Text-to-region grounding data

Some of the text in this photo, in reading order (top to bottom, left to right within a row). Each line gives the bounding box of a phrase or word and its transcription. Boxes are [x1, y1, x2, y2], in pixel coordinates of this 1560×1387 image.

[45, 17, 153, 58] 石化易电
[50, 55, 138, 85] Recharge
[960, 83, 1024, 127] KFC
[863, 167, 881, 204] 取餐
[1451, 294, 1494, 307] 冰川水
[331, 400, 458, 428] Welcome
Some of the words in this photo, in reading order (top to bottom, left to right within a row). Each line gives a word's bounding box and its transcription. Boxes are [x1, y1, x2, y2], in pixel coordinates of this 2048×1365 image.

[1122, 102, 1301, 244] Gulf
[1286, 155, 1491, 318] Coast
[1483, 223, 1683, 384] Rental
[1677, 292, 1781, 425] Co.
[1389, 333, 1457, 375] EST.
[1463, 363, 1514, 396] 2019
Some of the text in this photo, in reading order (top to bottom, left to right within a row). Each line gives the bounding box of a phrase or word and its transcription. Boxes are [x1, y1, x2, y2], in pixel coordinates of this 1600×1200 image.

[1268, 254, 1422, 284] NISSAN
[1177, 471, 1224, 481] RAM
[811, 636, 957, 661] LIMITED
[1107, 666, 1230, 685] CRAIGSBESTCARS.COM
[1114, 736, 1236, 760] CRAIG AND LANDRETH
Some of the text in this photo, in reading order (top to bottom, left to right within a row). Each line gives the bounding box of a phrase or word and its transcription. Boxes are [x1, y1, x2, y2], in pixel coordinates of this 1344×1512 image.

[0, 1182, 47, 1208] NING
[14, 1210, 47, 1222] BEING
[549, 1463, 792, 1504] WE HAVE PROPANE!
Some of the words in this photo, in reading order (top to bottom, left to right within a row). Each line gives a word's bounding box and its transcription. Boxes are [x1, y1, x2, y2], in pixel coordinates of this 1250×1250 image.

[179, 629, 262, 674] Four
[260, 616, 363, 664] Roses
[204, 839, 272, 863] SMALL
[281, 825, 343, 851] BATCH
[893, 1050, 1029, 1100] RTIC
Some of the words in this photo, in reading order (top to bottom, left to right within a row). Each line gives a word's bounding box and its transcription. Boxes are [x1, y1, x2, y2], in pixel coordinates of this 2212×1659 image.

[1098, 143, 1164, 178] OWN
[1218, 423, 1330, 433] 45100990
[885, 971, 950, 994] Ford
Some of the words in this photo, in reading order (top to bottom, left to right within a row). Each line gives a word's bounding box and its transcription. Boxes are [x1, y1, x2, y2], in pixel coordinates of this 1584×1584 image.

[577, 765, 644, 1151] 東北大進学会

What you are asked to do: Your task is to write out, exactly, the line that contains "this 1250×1250 image." and each line after it to the end of the data, with no other lines.

Response area:
Some of the words in this photo, in reading order (top to bottom, left to right within a row). Each line gives a word's bounding box and its transcription. Boxes are [x1, y1, x2, y2], in pixel coordinates of this 1250×1250 image.

[179, 629, 262, 674] Four
[260, 616, 363, 664] Roses
[204, 839, 272, 863] SMALL
[281, 825, 343, 851] BATCH
[893, 1050, 1029, 1100] RTIC
Some of the words in this photo, in reading order (top to bottom, left to right within a row). Each line gives a word's bounding box and its transcription. Boxes are [x1, y1, x2, y2], in pixel coordinates of this 2212×1659 image.

[1098, 143, 1164, 178] OWN
[1218, 423, 1330, 433] 45100990
[885, 971, 950, 994] Ford
Some of the words in this photo, in reading order (top to bottom, left to right within a row). Each line gives a word's bounding box and its transcription. Boxes are [x1, y1, x2, y2], in pixel coordinates of this 1584×1584 image.

[577, 765, 644, 1151] 東北大進学会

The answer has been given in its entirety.